2019年9月19日(木)

▼RDF(ごみ固形燃料)発電が終了して、かねて総括する考えを明らかにしていた鈴木英敬知事がその内容について「人命が失われたことや参加市町の負担が増えたことを踏まえれば決して甘くはならない」

▼「自分ではない知事が決めたことかは関係なく、最後まで責任を持つ」という発言に特別の含みはあるまいが、野呂県政1年目に起きた大惨事であり〝北川県政の負の遺産〟という言葉が定着し、すべてが北川正恭元知事の責任に帰された感はある。業者選考の疑惑はあるが、計画自体はその前の田川県政で固まっていた。
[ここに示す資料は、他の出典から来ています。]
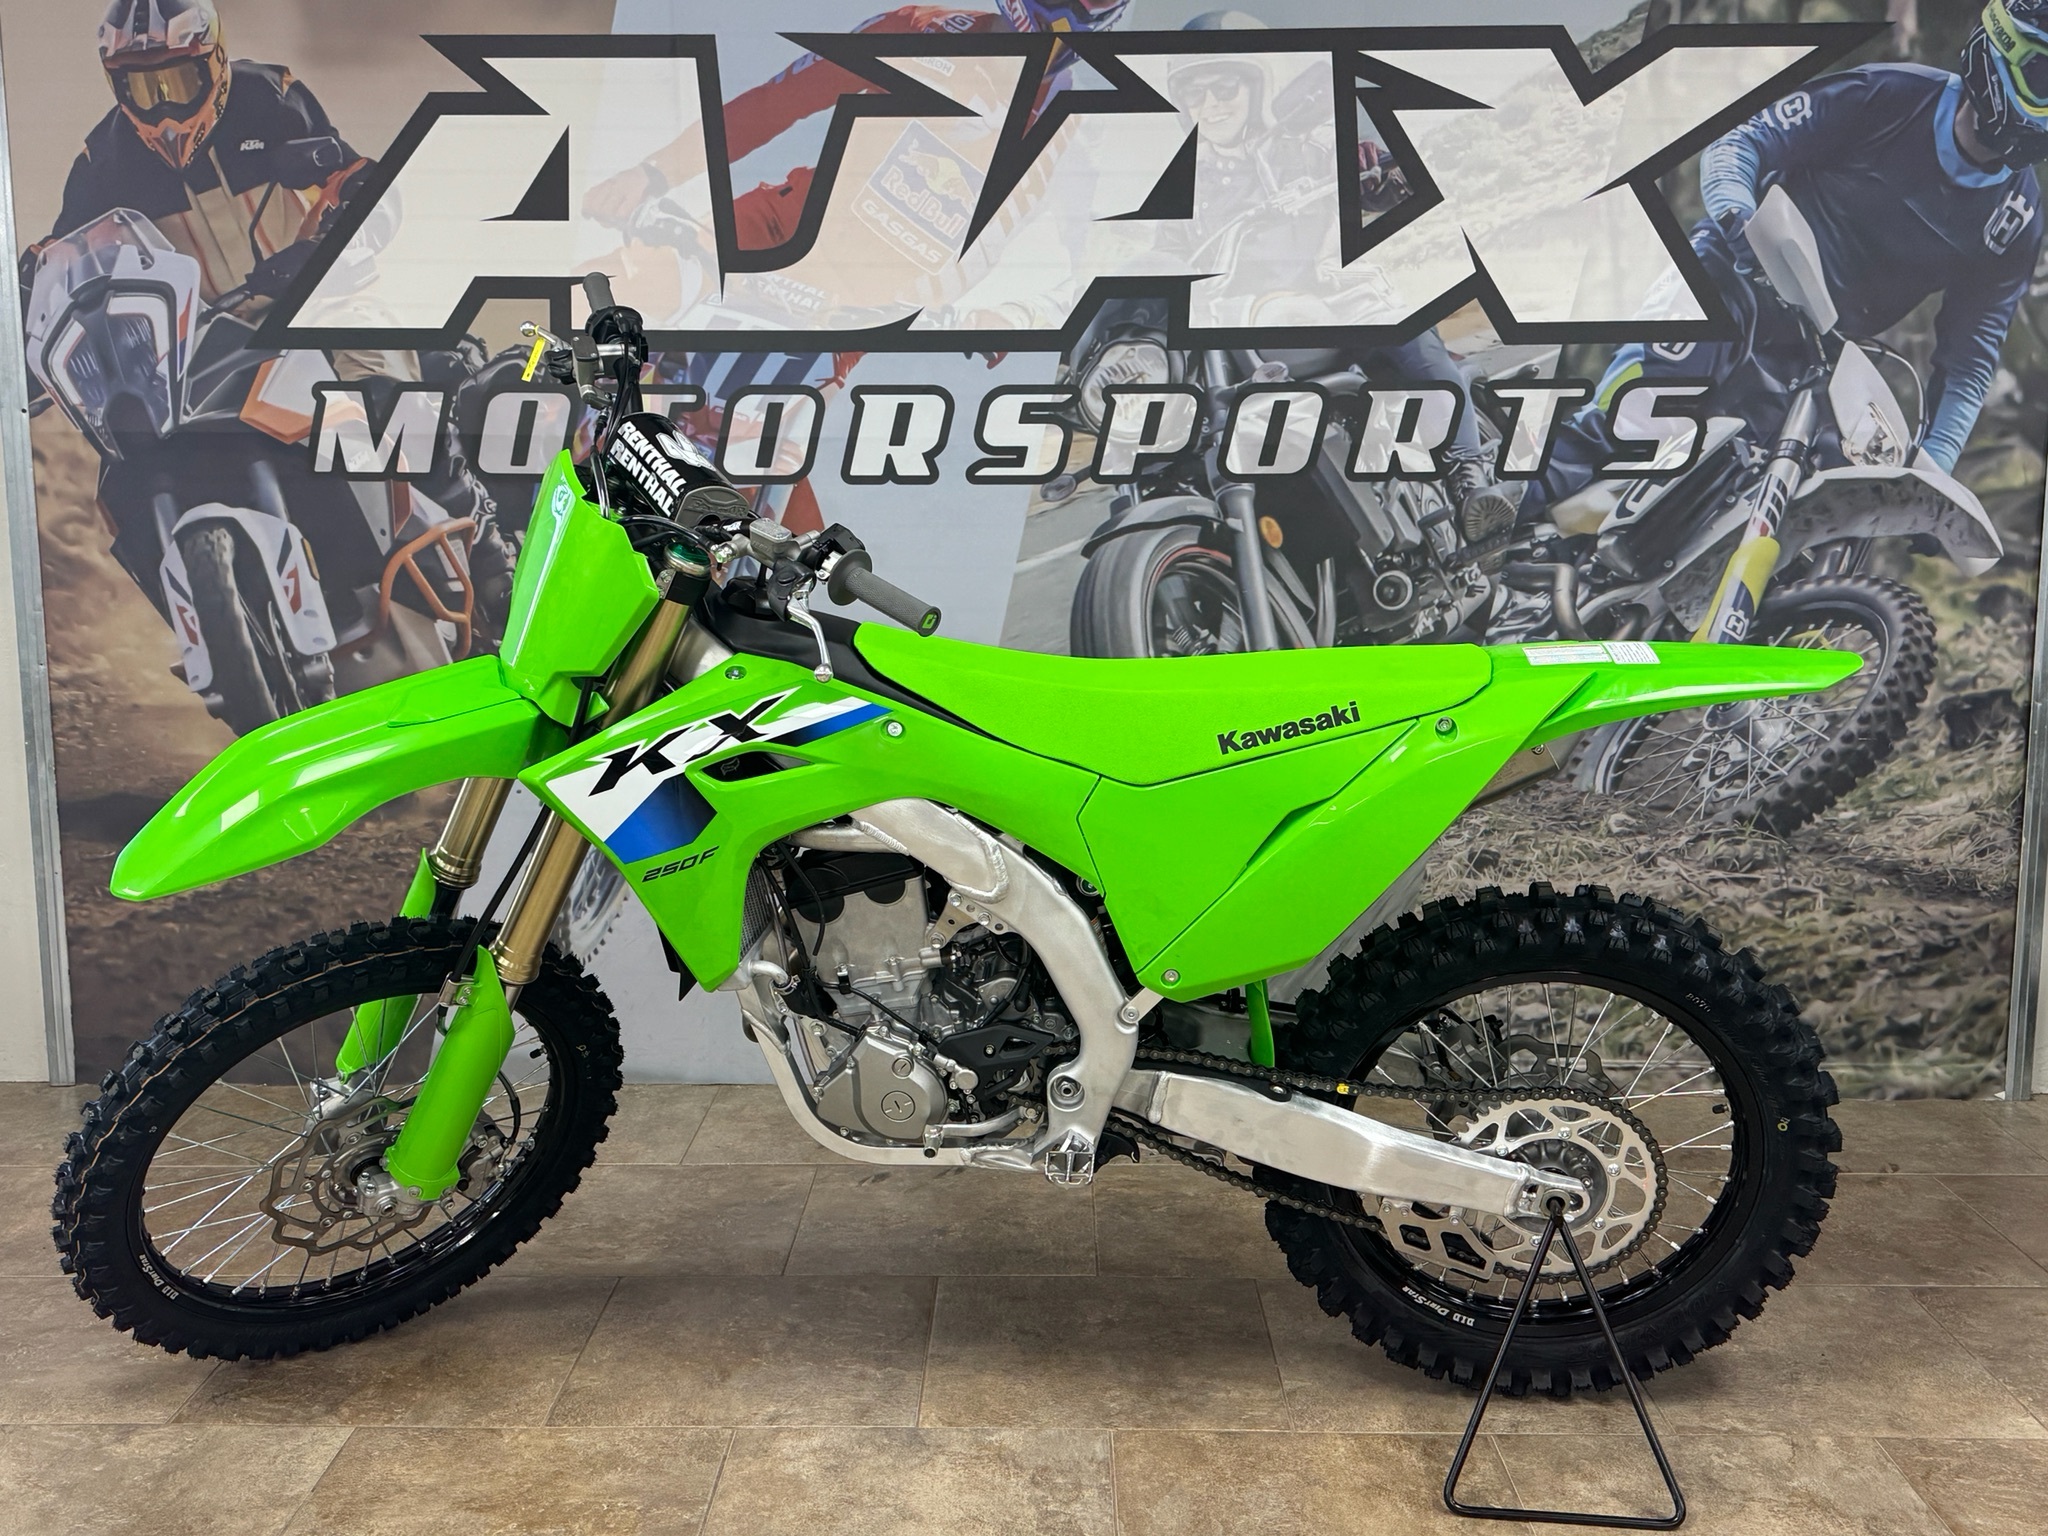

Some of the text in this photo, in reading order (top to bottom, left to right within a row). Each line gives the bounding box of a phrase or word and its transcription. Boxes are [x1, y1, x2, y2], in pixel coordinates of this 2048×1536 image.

甘いか辛いかというより、なぜ県がお門違いの一般ごみ処理に乗り出さねばならなかったか。意思決定の過程をつぶさに明らかにしてもらいたい

▼市町村に無料と説明した処理費用が有料になったのは発電量が見通しより少なかったからという。参加市町村が少なかったということだろう。桑名を除く北勢と中勢がすっぽり抜け落ちている。強引な勧誘が裏目に出たり、政策的行き違いで反発を招いたり。にもかかわらず見きり発車したのはなぜか。RDFの科学的組成の研究不足も含めずさんな計画を押し進めて人的、経済的大損失を招いた。その過程も県民に説明しなければなるまい

▼RDF発電事業の前の企業庁の青山高原開発事業にしろ、中央卸売市場(現地方卸売市場)にしろ、県が理念を掲げて突っ走って成功した例はほとんどない。無残な結末がうやむやのまま幕引きされてきた。県政史上最悪の惨事となったRDF事業で県の積年の体質が公になるならせめてもの償いではある。